The Airbus A300 with the newly modified Forward Facing Crew Cockpit concept was later-on known as Airbus A300B4-220FFCC and was delivered to Garuda Indonesia in 1982. Wiweko who himself is a rating pilot for the Airbus A300B4-220FFC type aircraft, personally flew himself the first Airbus A300B4-220FFCC Aircraft delivered to Garuda Indonesia, from Airbus Headquarters in Toulouse, France to Jakarta, Indonesia.

During its inaugural delivery, Fritz Winkelmann who was Airbus Far East Area Sales Manager delivered the following remarkable remark regarding the new breakthrough of a wide-body aircraft "two-man cockpit crew" initiated by Wiweko Soepono:"It was Mr.
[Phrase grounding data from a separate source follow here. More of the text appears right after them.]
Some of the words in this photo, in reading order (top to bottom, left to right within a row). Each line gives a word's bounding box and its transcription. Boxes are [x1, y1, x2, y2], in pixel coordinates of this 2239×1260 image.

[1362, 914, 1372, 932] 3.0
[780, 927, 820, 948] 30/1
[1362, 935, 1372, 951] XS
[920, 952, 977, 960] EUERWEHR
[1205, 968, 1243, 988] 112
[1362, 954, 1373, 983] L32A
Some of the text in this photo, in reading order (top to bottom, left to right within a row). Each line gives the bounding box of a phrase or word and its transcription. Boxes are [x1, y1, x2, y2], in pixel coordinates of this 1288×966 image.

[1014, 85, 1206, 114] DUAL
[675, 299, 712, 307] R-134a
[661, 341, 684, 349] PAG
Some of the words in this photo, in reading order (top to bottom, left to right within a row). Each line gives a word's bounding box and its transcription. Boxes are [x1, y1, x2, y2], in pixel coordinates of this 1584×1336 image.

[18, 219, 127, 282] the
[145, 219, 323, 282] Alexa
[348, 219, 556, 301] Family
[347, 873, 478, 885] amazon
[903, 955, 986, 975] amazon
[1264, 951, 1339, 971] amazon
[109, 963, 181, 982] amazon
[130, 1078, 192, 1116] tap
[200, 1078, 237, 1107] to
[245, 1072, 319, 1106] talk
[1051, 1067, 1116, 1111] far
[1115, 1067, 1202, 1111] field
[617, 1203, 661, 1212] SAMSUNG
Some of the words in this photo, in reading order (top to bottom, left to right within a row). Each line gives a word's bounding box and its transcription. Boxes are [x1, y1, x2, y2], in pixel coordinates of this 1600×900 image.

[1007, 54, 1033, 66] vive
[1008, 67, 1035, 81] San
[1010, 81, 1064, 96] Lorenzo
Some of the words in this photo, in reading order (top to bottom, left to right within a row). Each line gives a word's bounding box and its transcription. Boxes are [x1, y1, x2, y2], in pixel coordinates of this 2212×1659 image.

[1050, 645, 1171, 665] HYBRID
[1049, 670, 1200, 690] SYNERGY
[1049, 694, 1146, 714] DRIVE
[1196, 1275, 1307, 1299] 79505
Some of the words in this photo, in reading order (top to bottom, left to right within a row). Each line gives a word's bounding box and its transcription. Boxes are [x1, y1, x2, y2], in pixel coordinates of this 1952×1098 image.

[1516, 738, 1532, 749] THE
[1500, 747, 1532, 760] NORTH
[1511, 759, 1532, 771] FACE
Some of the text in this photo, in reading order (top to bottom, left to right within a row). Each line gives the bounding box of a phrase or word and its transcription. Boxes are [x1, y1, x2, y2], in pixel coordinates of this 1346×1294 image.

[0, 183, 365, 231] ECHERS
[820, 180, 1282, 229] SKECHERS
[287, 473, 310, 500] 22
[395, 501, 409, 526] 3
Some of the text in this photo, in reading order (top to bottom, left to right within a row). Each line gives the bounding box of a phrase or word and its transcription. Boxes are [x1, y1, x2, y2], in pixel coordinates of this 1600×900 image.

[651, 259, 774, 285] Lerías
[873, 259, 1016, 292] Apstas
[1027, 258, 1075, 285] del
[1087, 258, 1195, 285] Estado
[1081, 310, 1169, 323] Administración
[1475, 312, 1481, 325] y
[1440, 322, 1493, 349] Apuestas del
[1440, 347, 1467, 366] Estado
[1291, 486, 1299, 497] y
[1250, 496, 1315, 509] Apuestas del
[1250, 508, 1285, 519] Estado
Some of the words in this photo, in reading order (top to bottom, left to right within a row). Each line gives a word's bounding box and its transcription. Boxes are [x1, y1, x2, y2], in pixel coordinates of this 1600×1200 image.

Wiweko who gave birth to the two-man Forward Facing Crew Cockpit. We are proud that this type of aircraft has come to make use of an idea originating from the mind of a son of Indonesia, combined with the new and modern technology, which employes 'push button illuminated switches' and 'digital' system. The two-man cockpit has become a reality, and I believe that this Airbus A300B4-220 with the new 'Forward Facing Crew Cockpit' concept could become the choice of many Airlines around the world."For his achievement in modernizing the Airbus A300 cockpit that allows wide-body aircraft to be flown only by two-men cockpit crew, Wiweko was often credited as the father of "Two-Men Cockpit Crew" Wide-Body Aircraft.

== Later life ==
Wiweko retired from his position as Garuda Indonesia CEO in 1984 and was succeeded by Reyn Altin Johannes Lumenta. Following his retirement, Wiweko remained active in the Indonesian aircraft industry and aeromodelling.

Wiweko died in St. Carolus Hospital on 8 September 2000, following a long illness. He was buried in Jeruk Purut cemetery, next to his wife Mieke who died just two years earlier, in 1998.